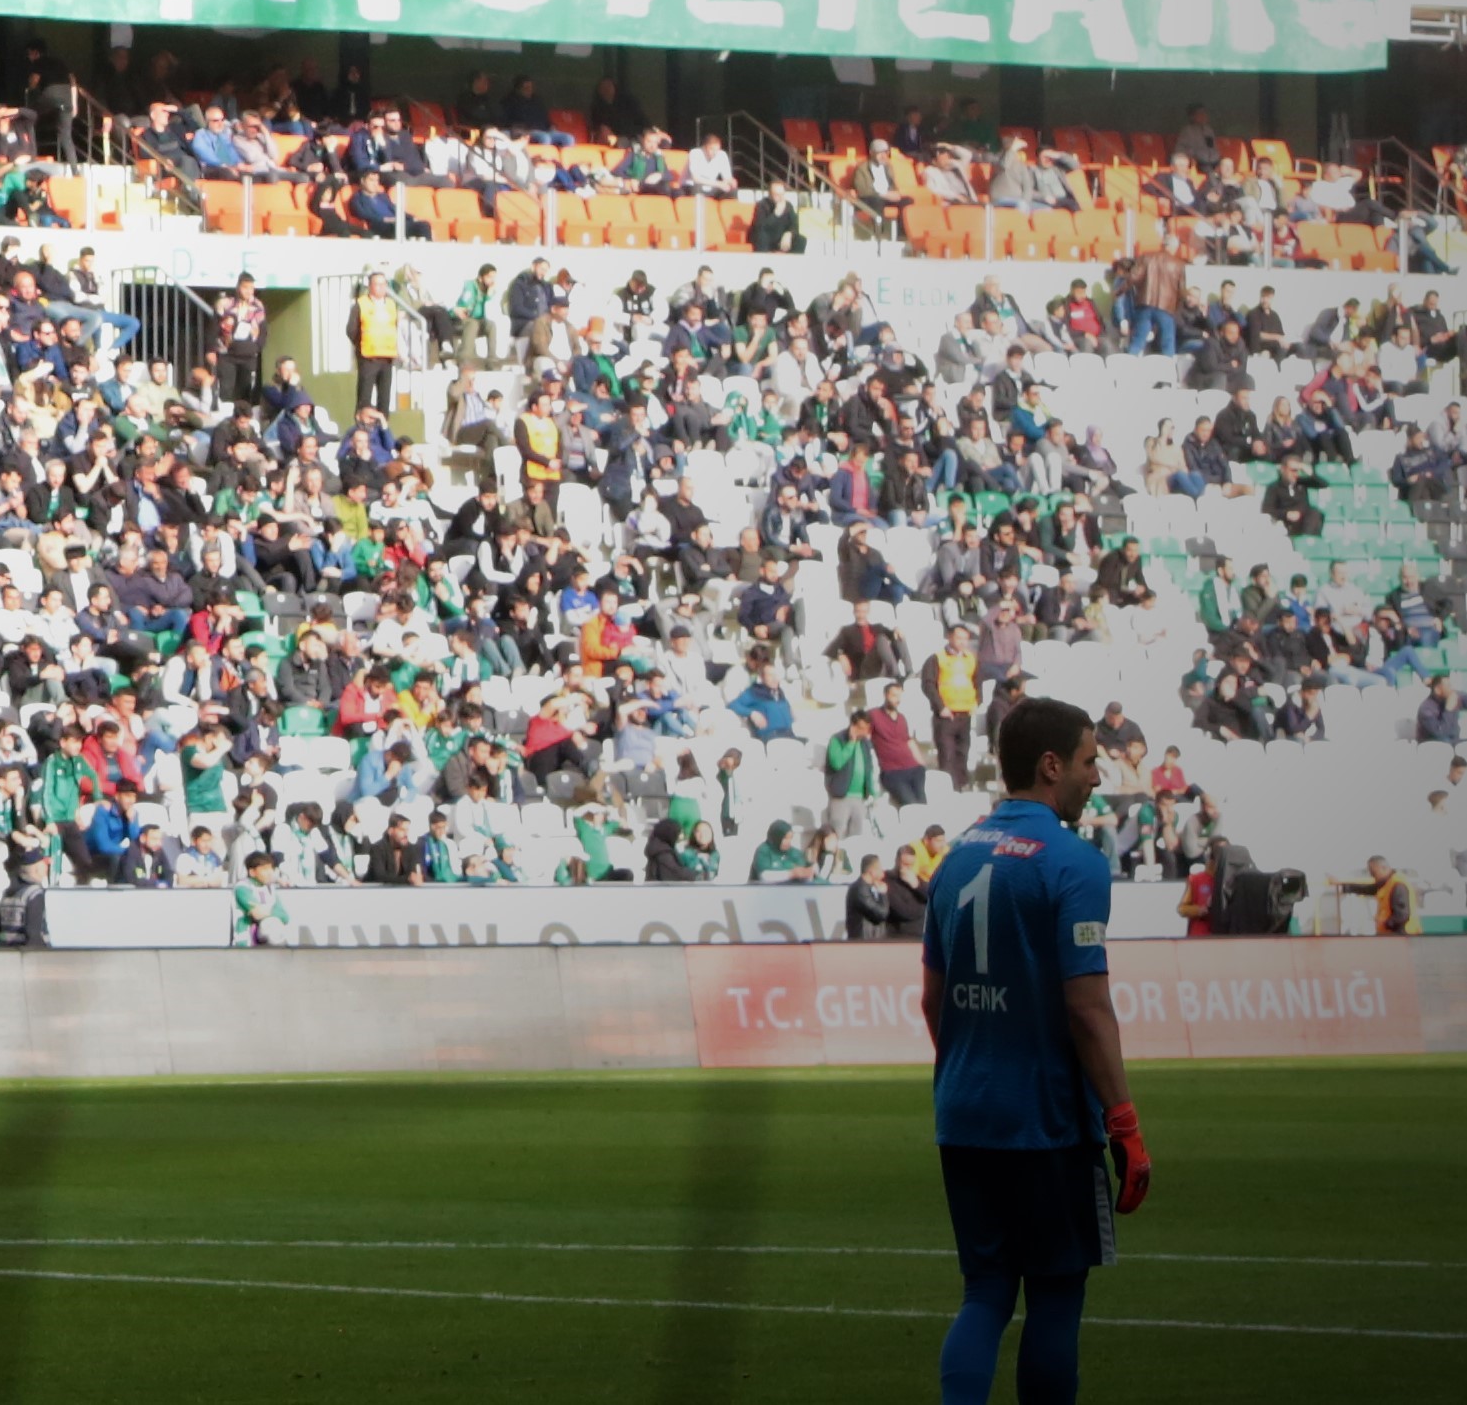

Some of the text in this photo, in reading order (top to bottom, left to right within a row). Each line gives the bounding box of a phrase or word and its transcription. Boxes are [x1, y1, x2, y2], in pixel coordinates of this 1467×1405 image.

[877, 276, 892, 305] E
[957, 863, 994, 975] 1
[726, 986, 803, 1030] T.C.
[1176, 970, 1387, 1024] BAKANLIĞI
[952, 983, 1008, 1013] CENK
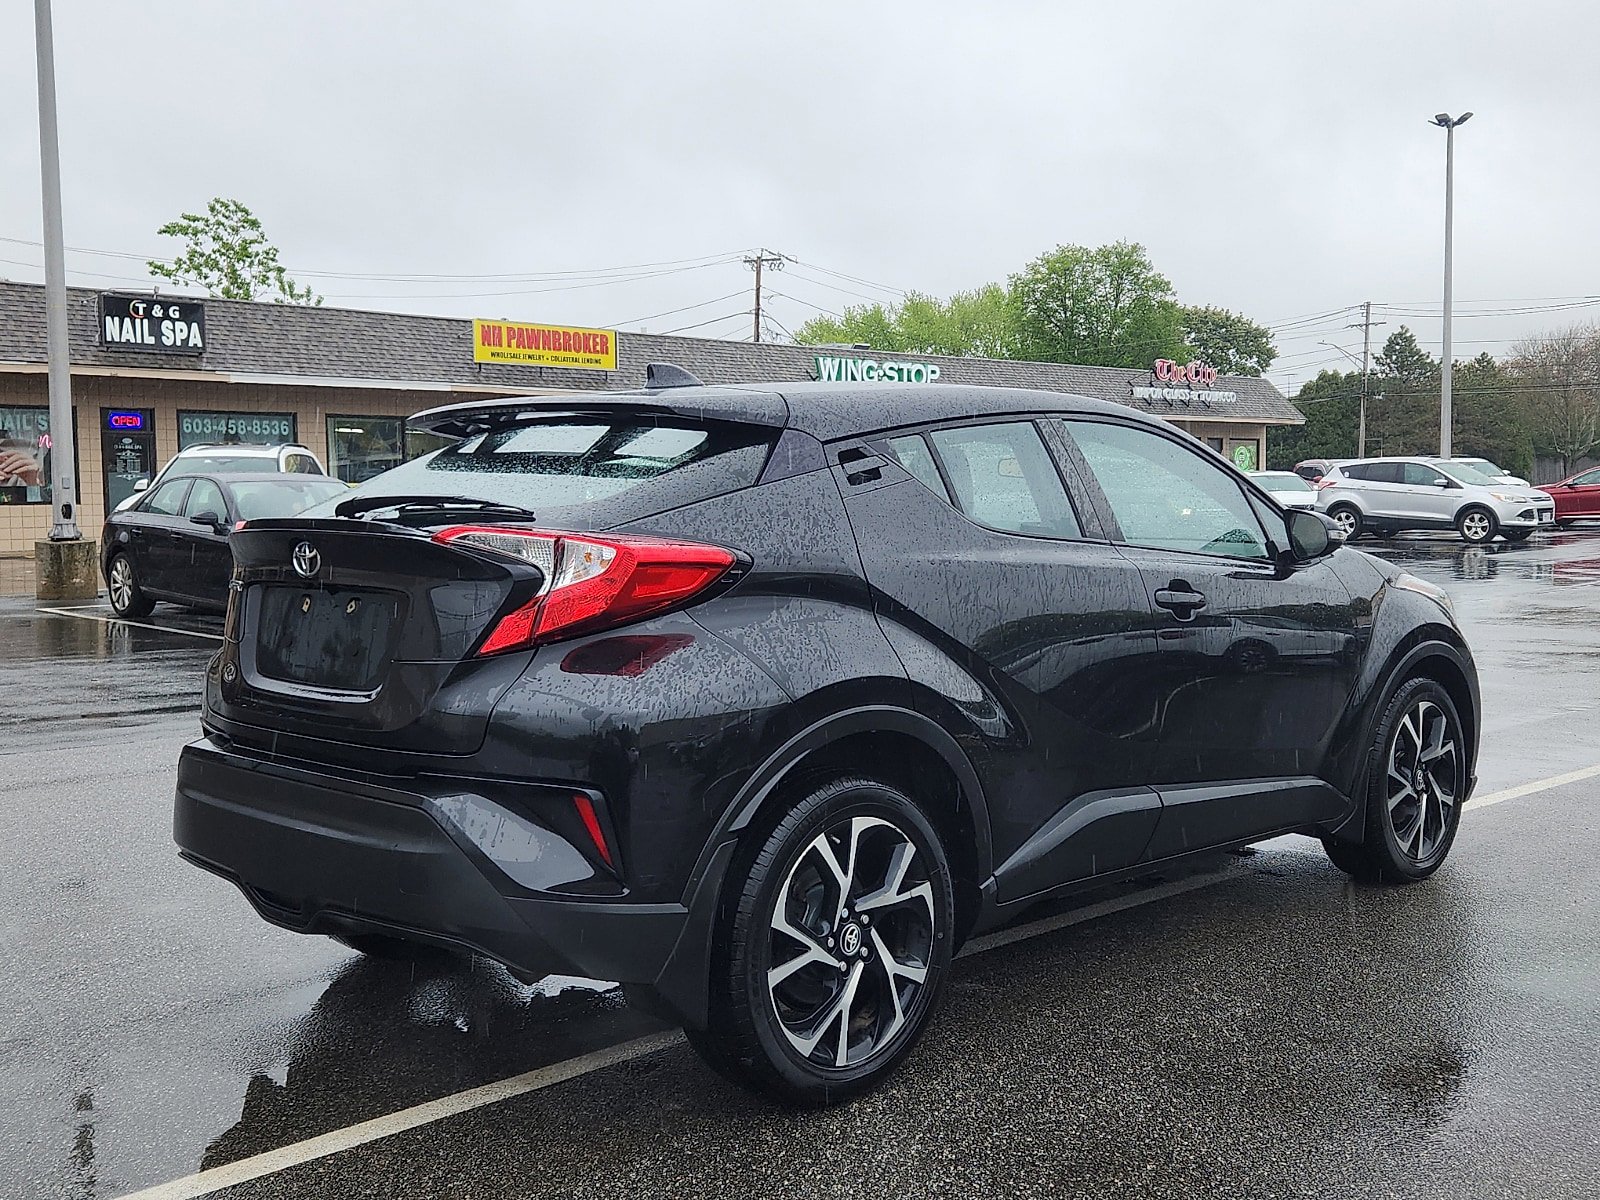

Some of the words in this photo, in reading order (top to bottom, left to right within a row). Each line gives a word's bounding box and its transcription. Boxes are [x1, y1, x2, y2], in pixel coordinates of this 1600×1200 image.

=======

# Work item
Print the material above once more, exactly. No pictures belong in it.

# Finished exercise
Some of the text in this photo, in reading order (top to bottom, left to right within a row). Each line gives the bounding box of a phrase or word and its transcription. Boxes are [x1, y1, x2, y2], in pixel coordinates of this 1467×1405 image.

[877, 276, 892, 305] E
[957, 863, 994, 975] 1
[726, 986, 803, 1030] T.C.
[1176, 970, 1387, 1024] BAKANLIĞI
[952, 983, 1008, 1013] CENK

Some of the words in this photo, in reading order (top to bottom, left to right within a row). Each line gives a word's bounding box and its transcription. Boxes are [x1, y1, x2, y2], in pixel coordinates of this 1600×1200 image.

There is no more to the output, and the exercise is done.